人には語りたい自分の人生もあれば、語りたくない自分の人生もあるものです。

でも自分のこれまでの“物語”を聞かれることも多いのも事実。初対面の人に出会ったとき「今までは何をしていたの?」と質問されたり、友人や恋人とさらに親交や愛を深めるとき「昔を教えてよ」とお願いされたり、はたまた就職の面接で「過去の経験を手短に述べてください」と要求されたり…。

私はあまり自分を積極的に他者に語らない人間なので、こういう「自分の人生を語る」シチュエーションはなるべく避けたいと思いながら生きてきました。でもこの今の説明も「自分語り」のひとつですよね。意識してなくてもつい息をするように自分を語ってしまう…そういうものなのか。
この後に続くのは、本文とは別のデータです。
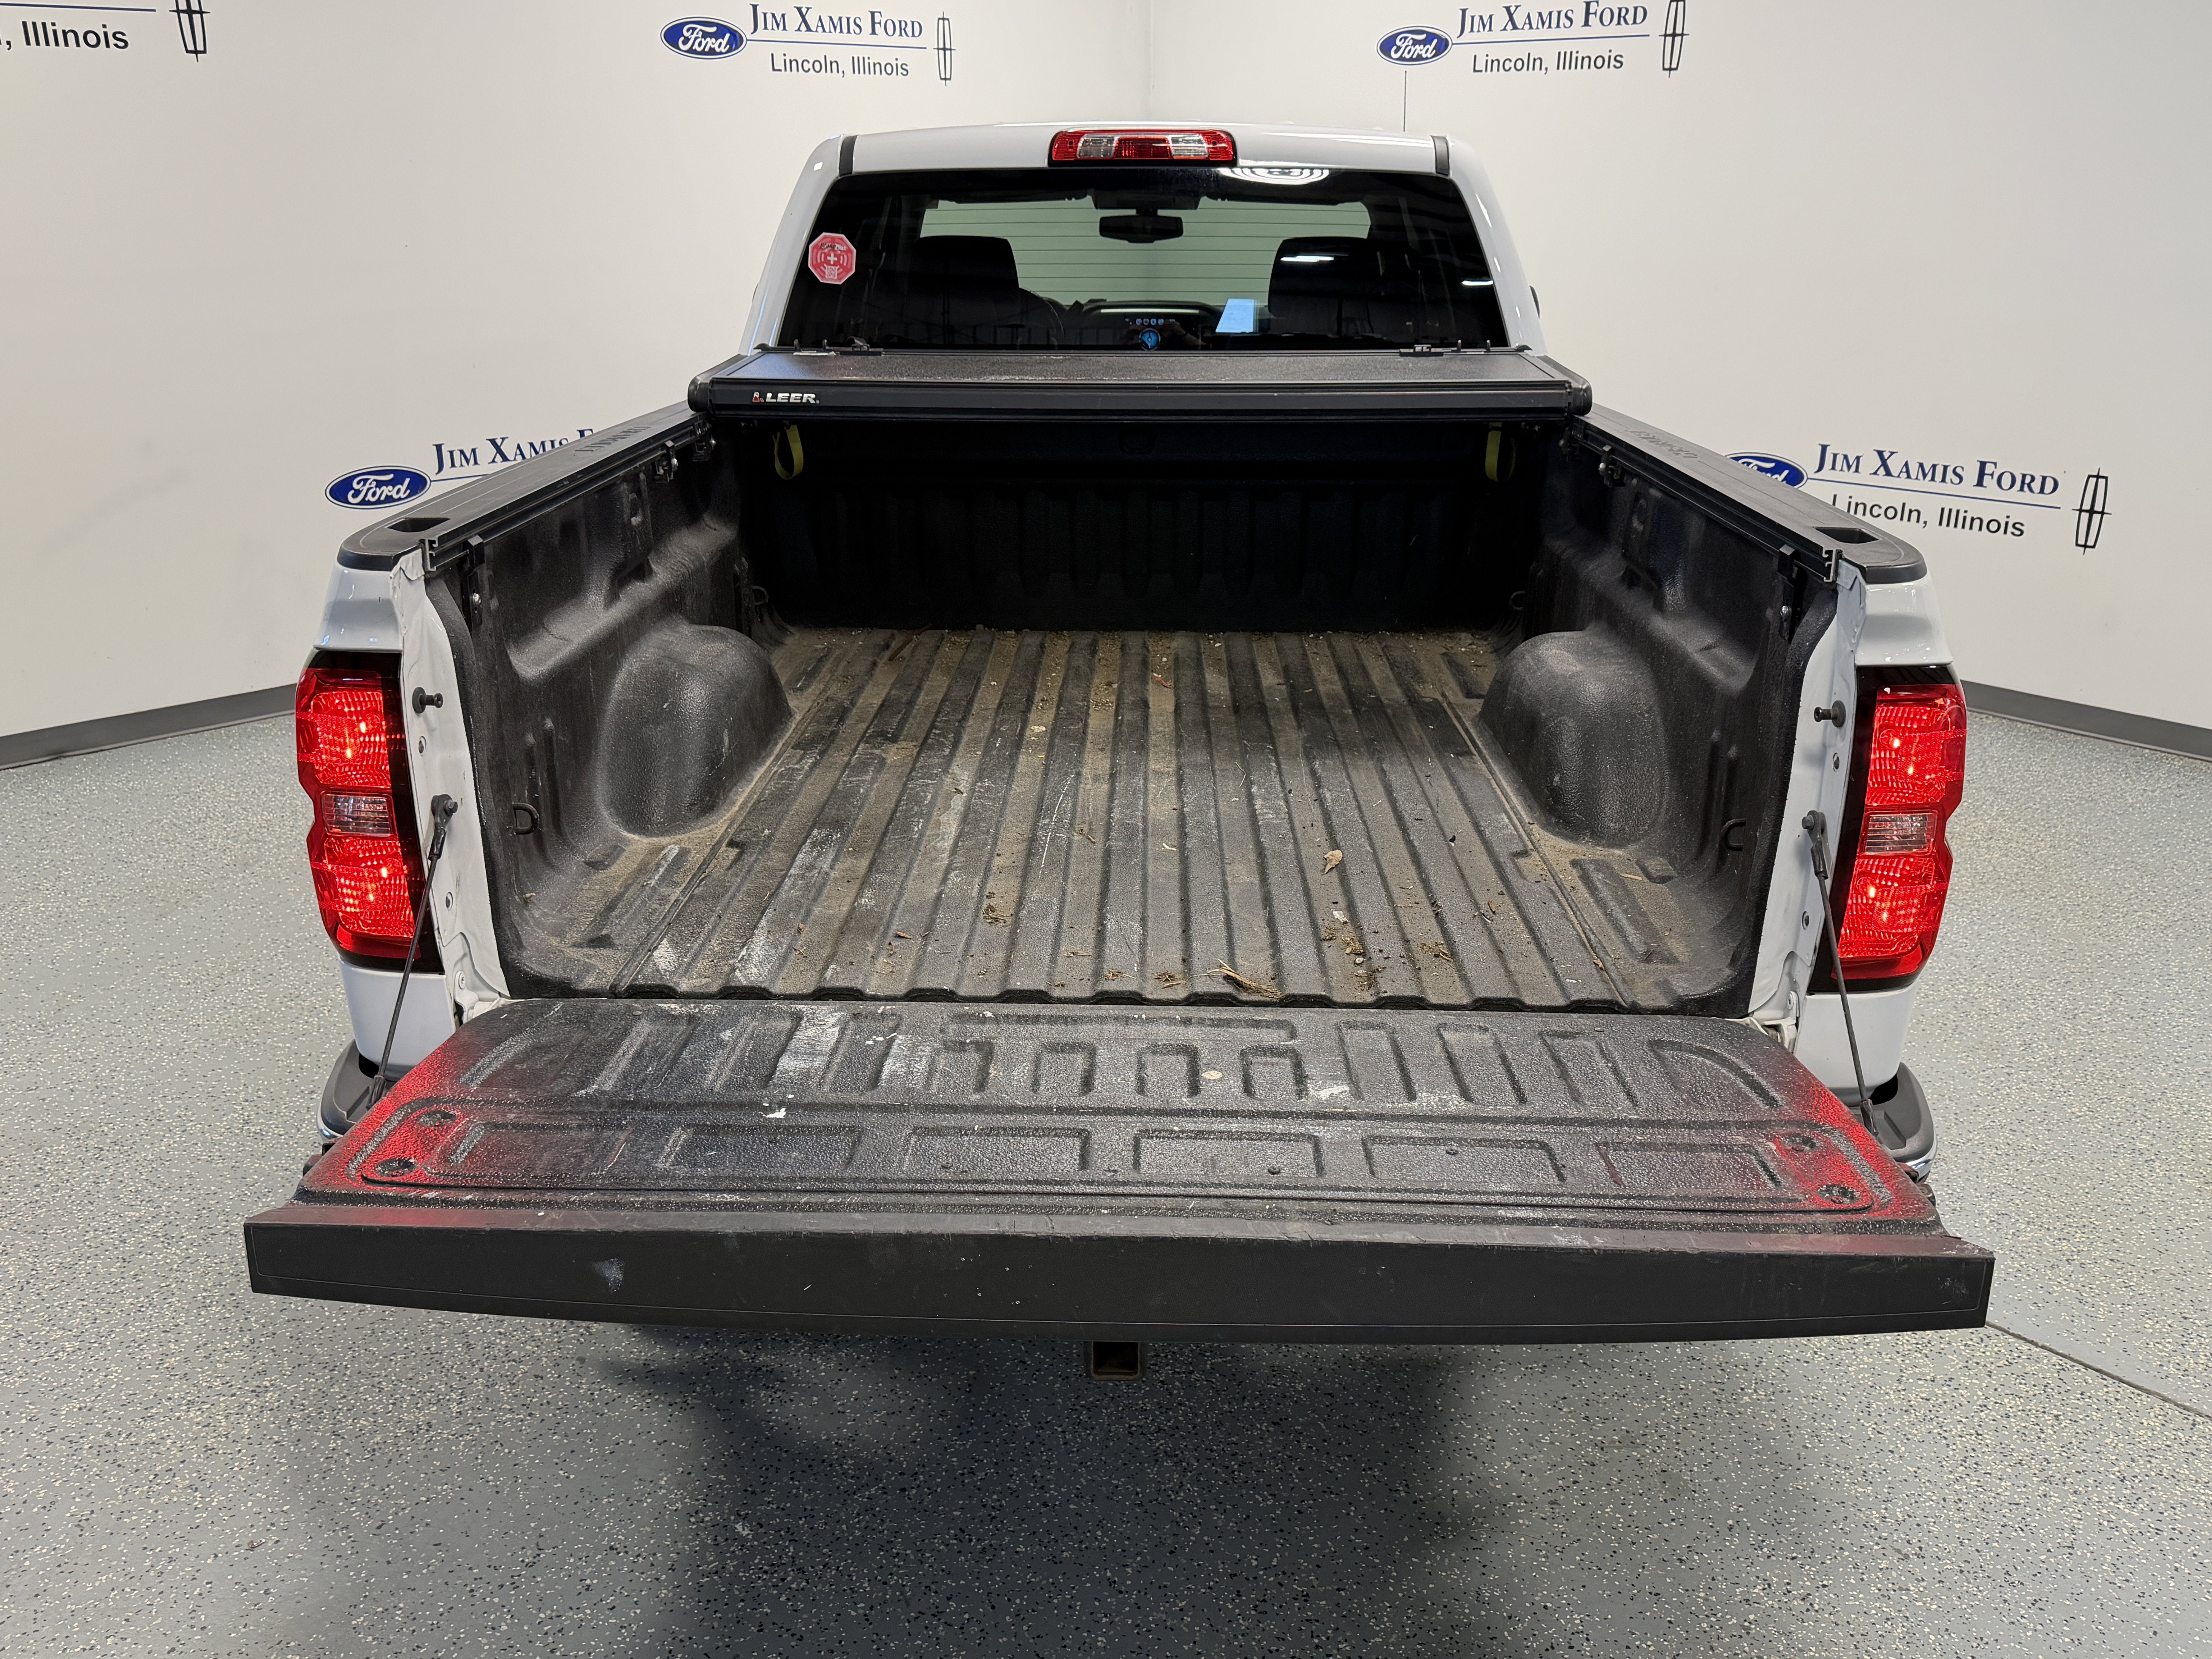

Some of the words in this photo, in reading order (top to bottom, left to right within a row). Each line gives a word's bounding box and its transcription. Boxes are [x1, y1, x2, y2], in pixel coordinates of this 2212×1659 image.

[749, 3, 787, 34] JIM
[793, 6, 862, 35] XAMIS
[868, 10, 922, 38] FORD
[1457, 8, 1494, 38] JIM
[1500, 5, 1574, 32] XAMIS
[1581, 0, 1648, 27] FORD
[22, 21, 129, 50] Illinois
[678, 24, 730, 53] Ford
[1390, 33, 1437, 59] Ford
[771, 53, 845, 78] Lincoln,
[852, 56, 909, 77] Illinois
[1473, 52, 1548, 75] Lincoln,
[1556, 50, 1624, 70] Illinois
[766, 392, 816, 404] LEER
[432, 443, 480, 476] JIM
[1814, 443, 1863, 474] JIM
[1869, 449, 1964, 485] XAMIS
[1973, 459, 2059, 495] FORD
[347, 473, 410, 504] Ford
[1938, 507, 2025, 537] Illinois
人生で不可避なことなのかもしれません。

人生は“物語”になってしまうのです。そうすると真実性は揺らぎます。物語化の過程で真実がそのまま正確に書き写されるとは限らないからです。本人の主観は無自覚に真実を歪めるかもですし、周囲の他者の意図が混入してしまうことも…。

しかし、私たちは人生を“物語”でしか認識できないので、その真実が脅かされる副作用を受け入れるしかなくて…。
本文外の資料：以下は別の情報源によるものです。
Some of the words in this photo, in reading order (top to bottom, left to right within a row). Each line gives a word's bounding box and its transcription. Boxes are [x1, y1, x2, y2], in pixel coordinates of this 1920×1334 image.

なんだかちょっと哲学的な感じで話をしてしまいましたけど、今回の紹介する作品もまさにそういう終わりない長考に耽ってしまうくらいのテーマに踏み込んでいるものです。

その作品とは本作『ミーシャと狼』

本作はドキュメンタリーであり、ある衝撃的な物語を抱えているひとりの女性を主題にしています。ここからはネタバレになると台無しなので言葉を選ばないといけないのですが…この女性はある日、自身の子ども時代の体験を語り始め、それは世間に衝撃を与えるのです。その体験…それは自分はユダヤ人で両親は大戦時にホロコーストで収容所に送られてしまい、自分は幼い身で独りで森を逃げて生きたということ。しかも、その森でオオカミと共に暮らしたというのです。

まさに驚きの告白。確かにホロコーストによって人生を引き裂かれたサバイバーは世界中に散らばっています。ドキュメンタリー『アウシュビッツの会計係』でもわかるように、まだ何の罪にも問われずにのうのうと生活している元ナチスも世界にいます。ホロコースト生存者が近所にいたのはびっくりですが、それ自体は異例でもありません。
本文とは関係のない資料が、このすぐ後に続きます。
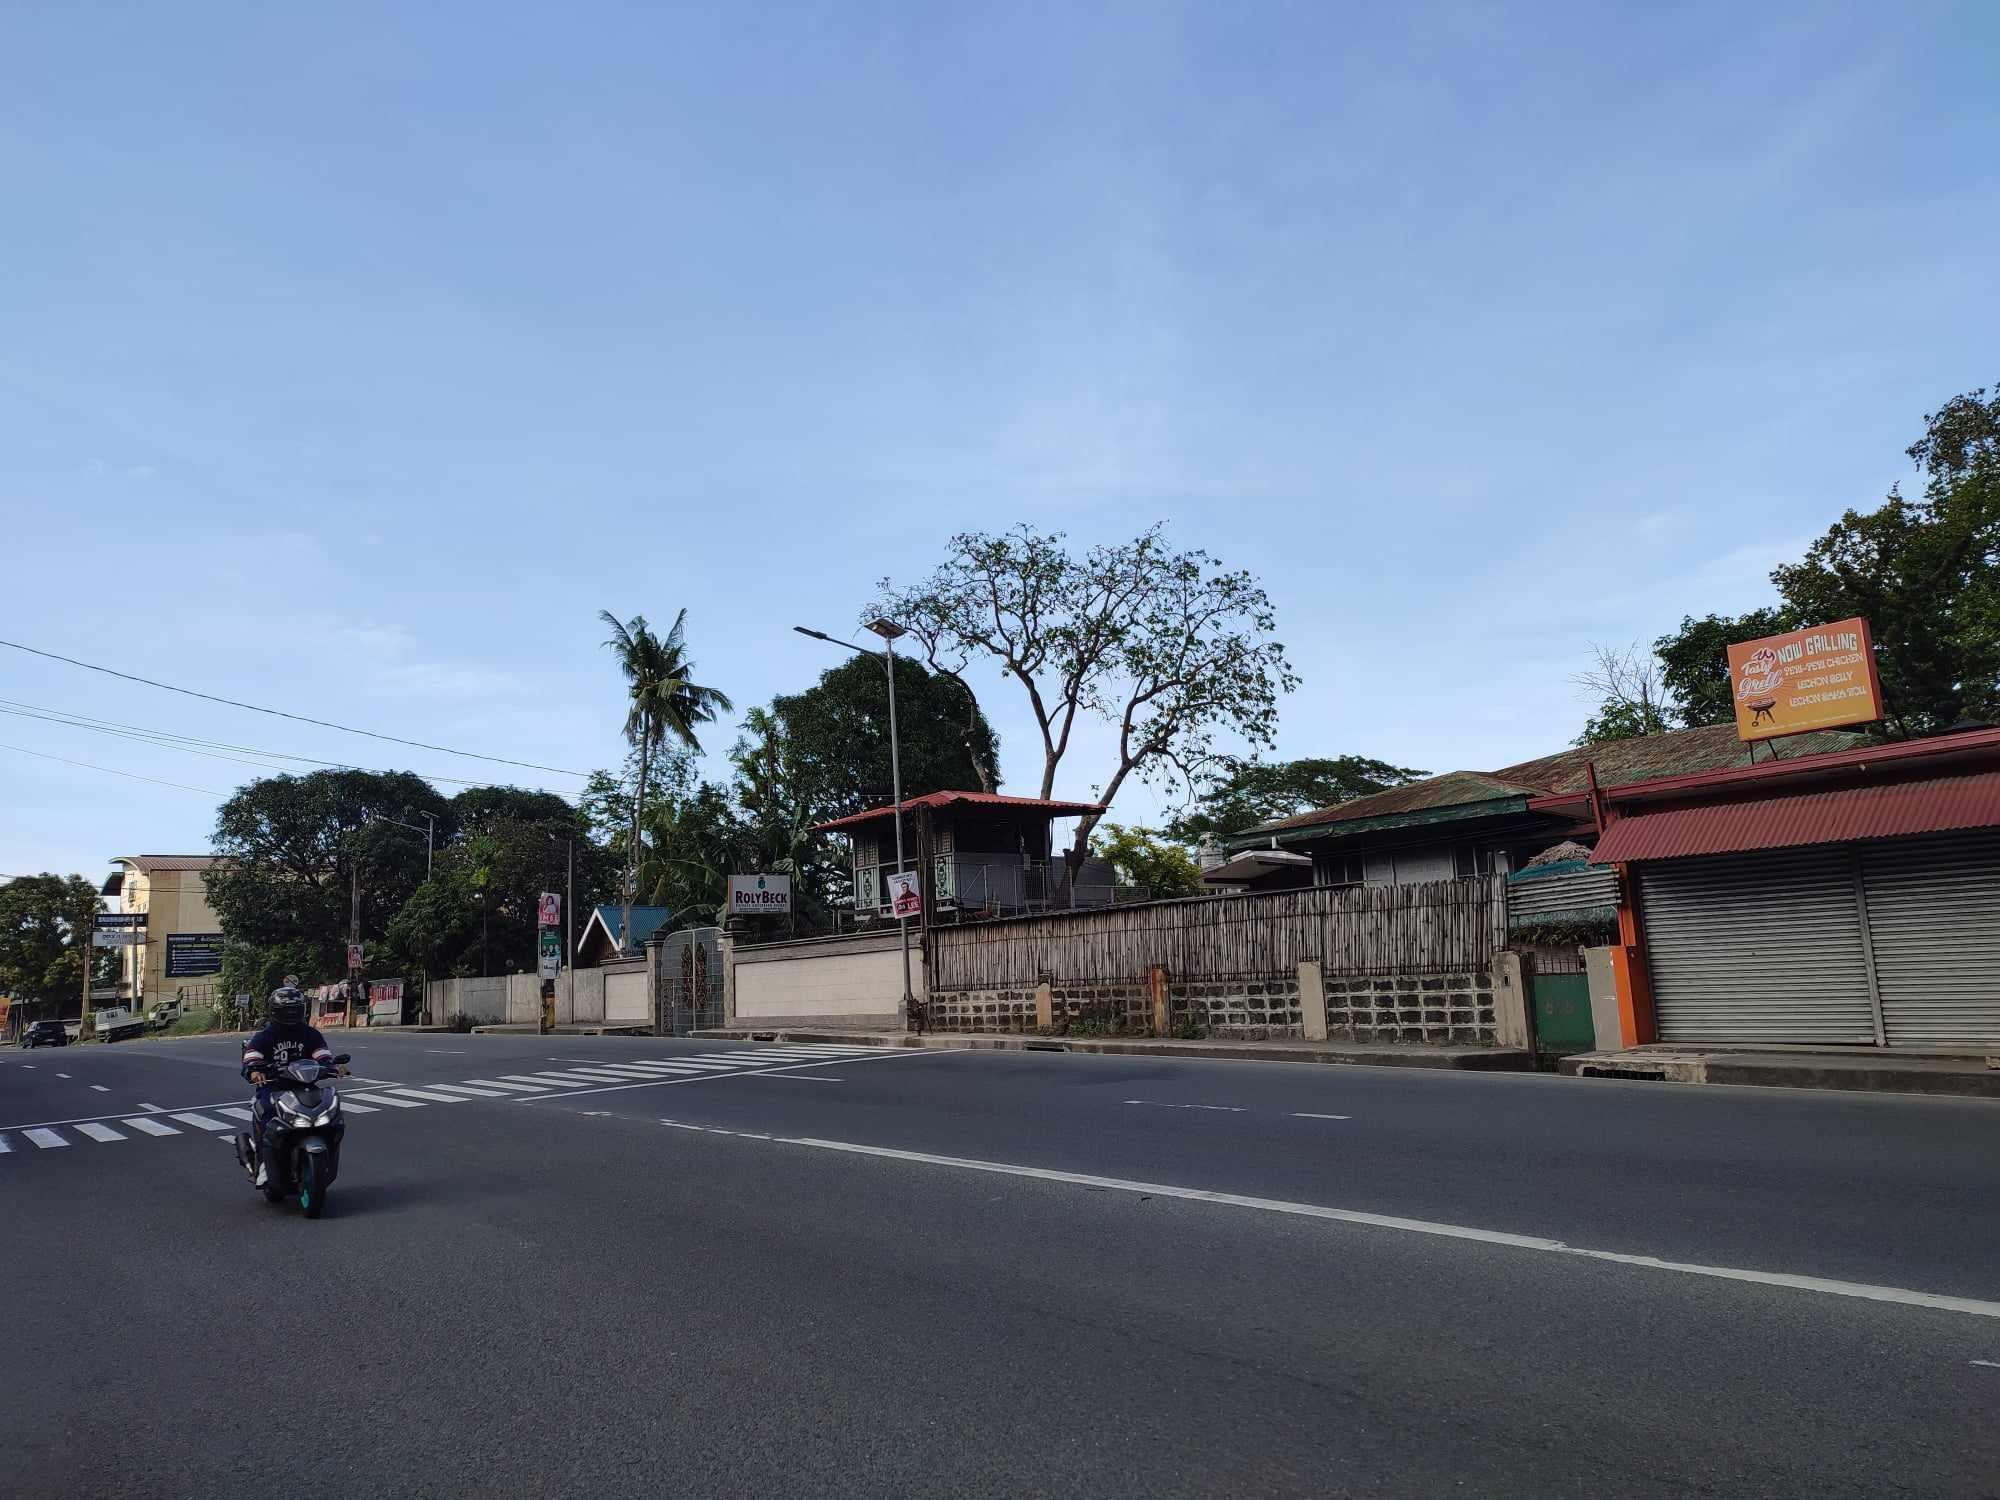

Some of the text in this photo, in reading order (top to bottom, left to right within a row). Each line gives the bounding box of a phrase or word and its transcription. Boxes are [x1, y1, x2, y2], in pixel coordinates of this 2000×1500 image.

[1777, 633, 1857, 663] NOW GRILLING
[1826, 653, 1863, 667] CHICKEN
[1797, 671, 1854, 690] LECHON BELLY
それでも幼少期に孤独なまま森で生きることになり、しかもオオカミの群れに育てられたとは…。にわかには信じたがたい“物語”。それこそ映画みたい…。

『ミーシャと狼』はそのアンビリーバブルな実話を掘り起こしていくドキュメンタリー…ではない。なんとそれで終わらない、この“物語”には“物語っていない”裏があった…!

はい、もうこれ以上は鑑賞前の人には明かせない。でもドキュメンタリーのオチとしては「そこに着地するのか…」という意外さもあります。

何といいましょうか、なんらかの歴史・事件に基づいた、もしくはそれらを素材にした「物語」を創作しようとしている人は必見だと思います。または自分の経験した人生を「物語」にしようとしている人とか。それに映画でたくさんの「物語」に触れて楽しんでいる、私のような映画好きにも他人事ではなく観てほしいです。結構、ギクっとなる指摘も飛び込んできたり…。単なる歴史ドキュメンタリーというだけでなく、「物語とは何か?」という問いかけすら感じられる、奥行きに驚くドキュメンタリーです。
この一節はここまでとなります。